(Dataset entries)

BEGIN

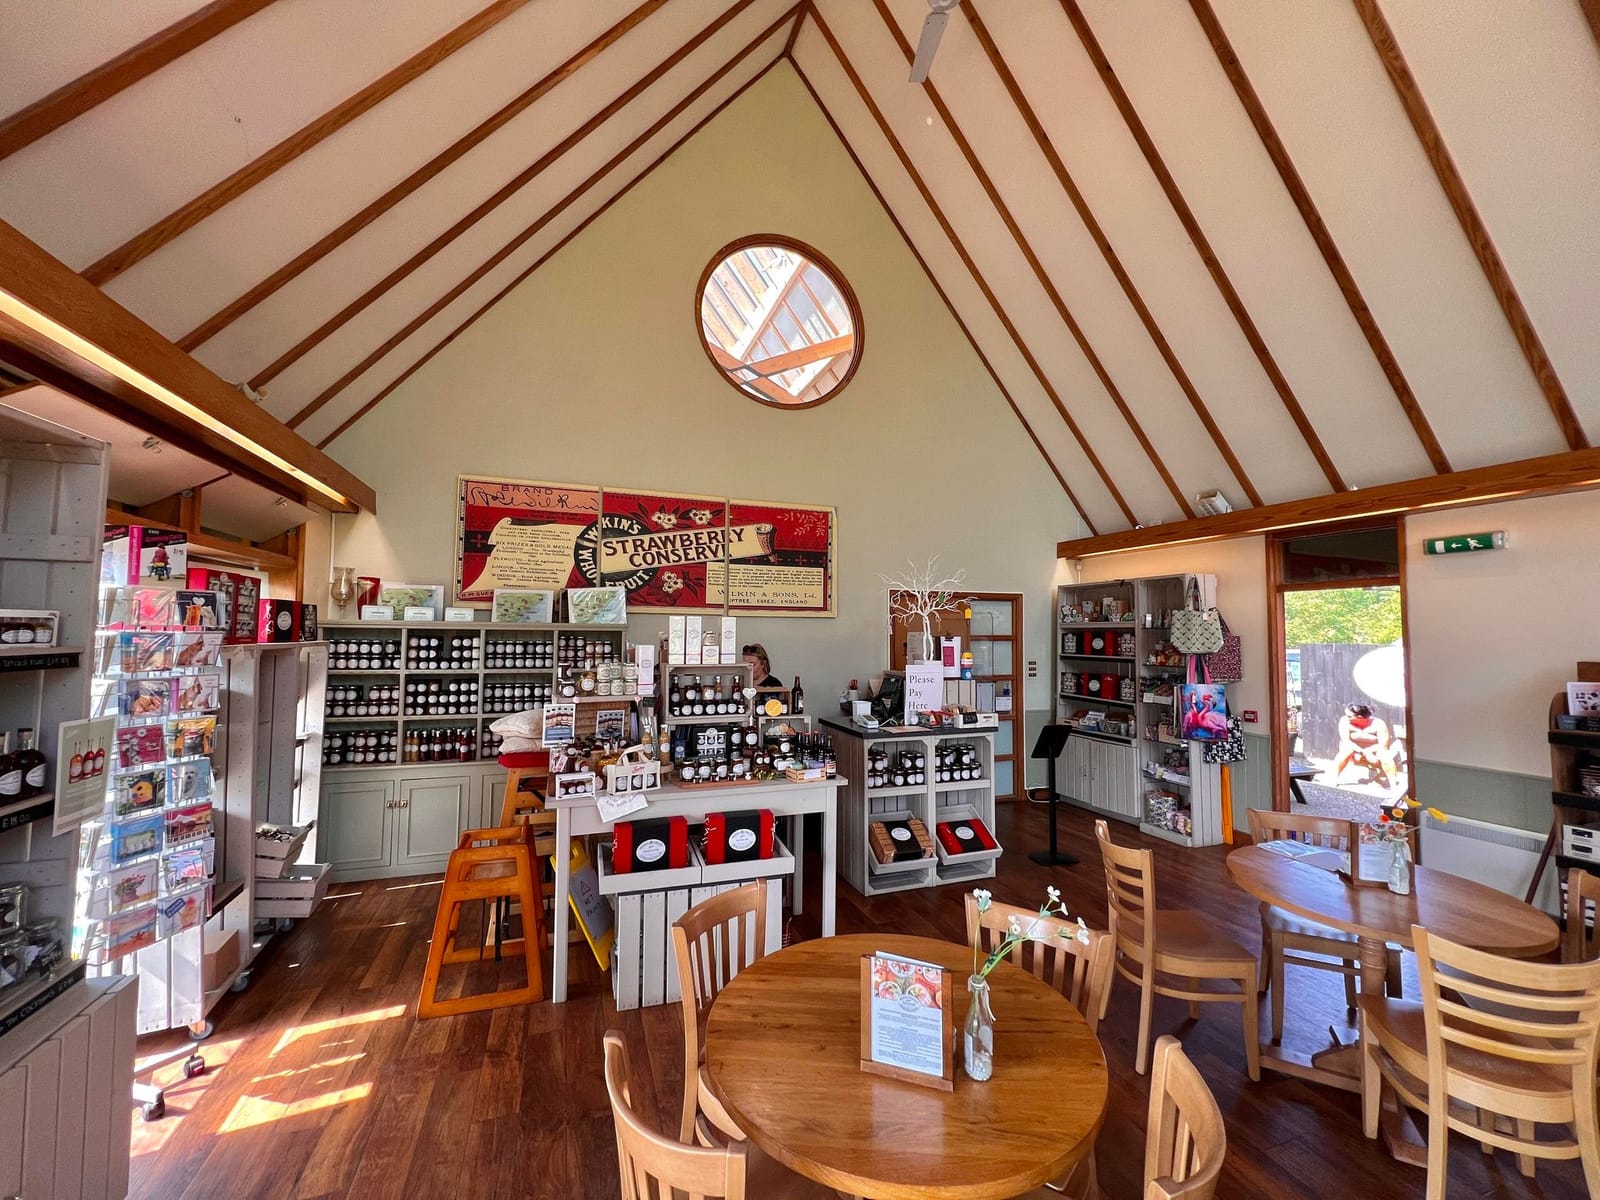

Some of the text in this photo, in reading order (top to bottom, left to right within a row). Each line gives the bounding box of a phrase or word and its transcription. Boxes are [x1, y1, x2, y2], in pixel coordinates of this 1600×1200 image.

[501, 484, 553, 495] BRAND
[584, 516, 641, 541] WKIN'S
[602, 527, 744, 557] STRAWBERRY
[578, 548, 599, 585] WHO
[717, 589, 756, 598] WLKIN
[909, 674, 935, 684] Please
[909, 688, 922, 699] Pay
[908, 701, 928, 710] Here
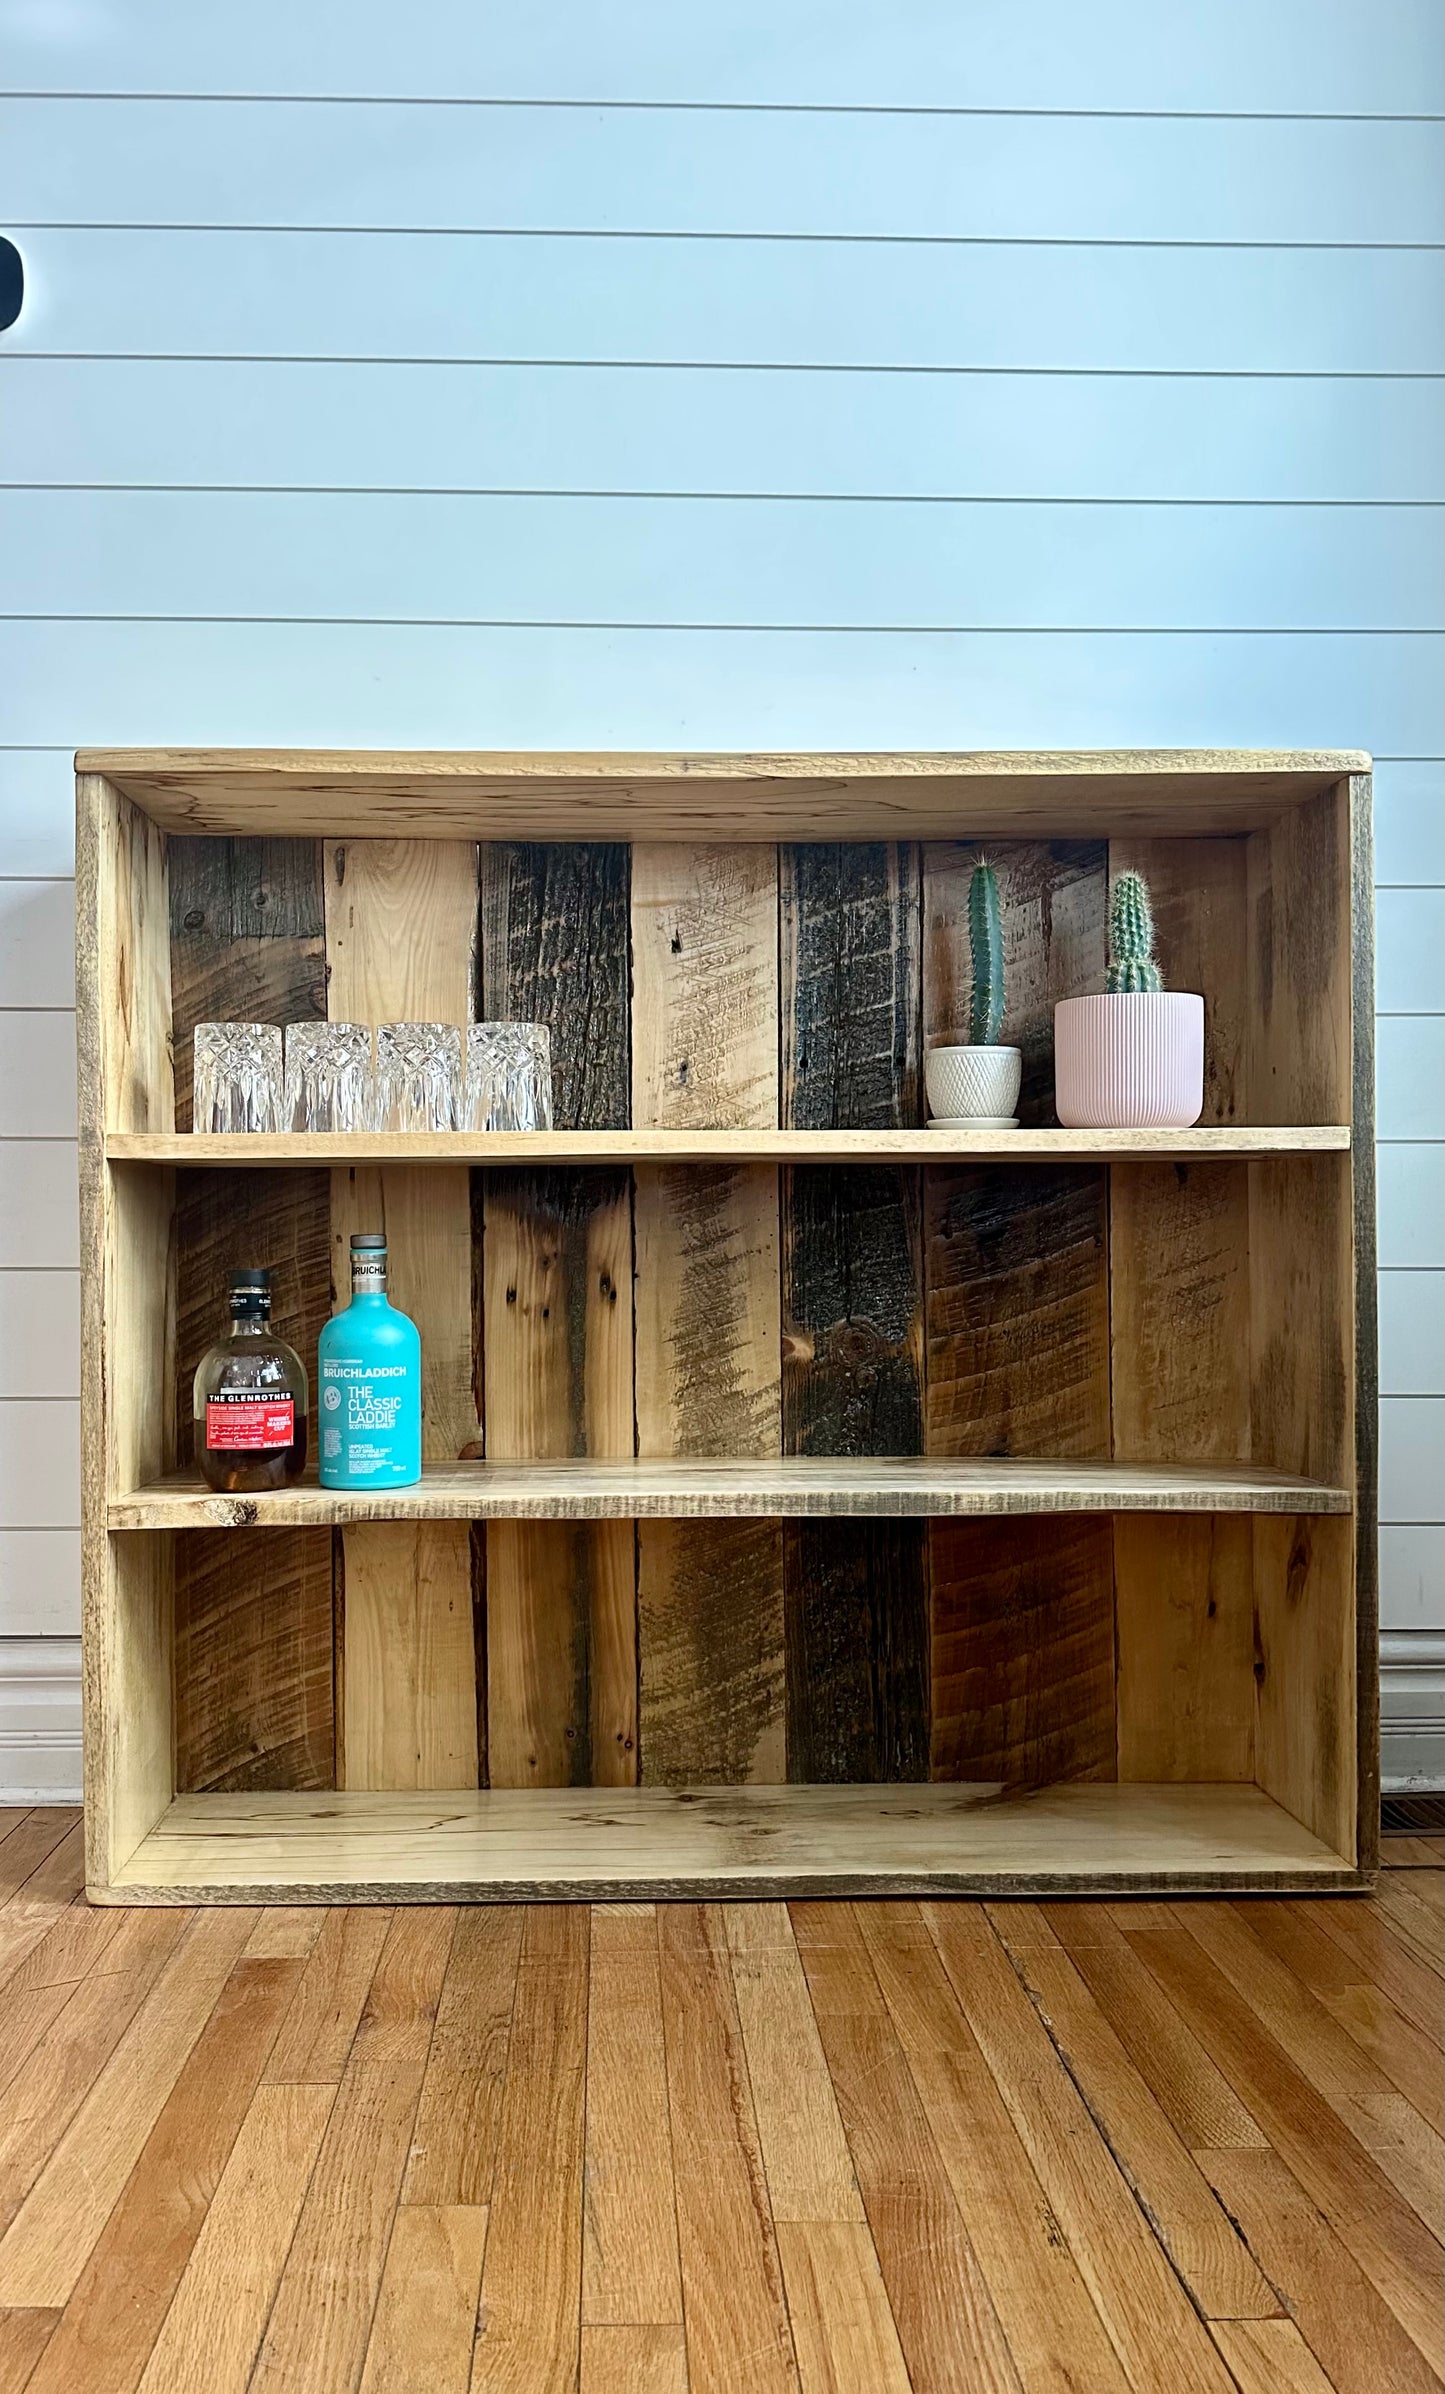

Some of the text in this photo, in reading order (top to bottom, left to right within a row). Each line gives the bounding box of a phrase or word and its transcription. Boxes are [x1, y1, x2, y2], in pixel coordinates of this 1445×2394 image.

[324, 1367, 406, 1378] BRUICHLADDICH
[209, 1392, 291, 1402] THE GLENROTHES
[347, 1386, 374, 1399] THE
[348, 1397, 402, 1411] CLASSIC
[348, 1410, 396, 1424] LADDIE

END

__EXERCISE AIM__
Return each record as written, minus its images.

__TASK ANSWER__
Some of the text in this photo, in reading order (top to bottom, left to right within a row). Each line gives the bounding box of a phrase or word and its transcription. Boxes are [x1, y1, x2, y2], in pixel coordinates of this 1600×1200 image.

[501, 484, 553, 495] BRAND
[584, 516, 641, 541] WKIN'S
[602, 527, 744, 557] STRAWBERRY
[578, 548, 599, 585] WHO
[717, 589, 756, 598] WLKIN
[909, 674, 935, 684] Please
[909, 688, 922, 699] Pay
[908, 701, 928, 710] Here

Some of the text in this photo, in reading order (top to bottom, left to right within a row). Each line gives the bounding box of a phrase or word and its transcription. Boxes are [x1, y1, x2, y2], in pixel coordinates of this 1445×2394 image.

[324, 1367, 406, 1378] BRUICHLADDICH
[209, 1392, 291, 1402] THE GLENROTHES
[347, 1386, 374, 1399] THE
[348, 1397, 402, 1411] CLASSIC
[348, 1410, 396, 1424] LADDIE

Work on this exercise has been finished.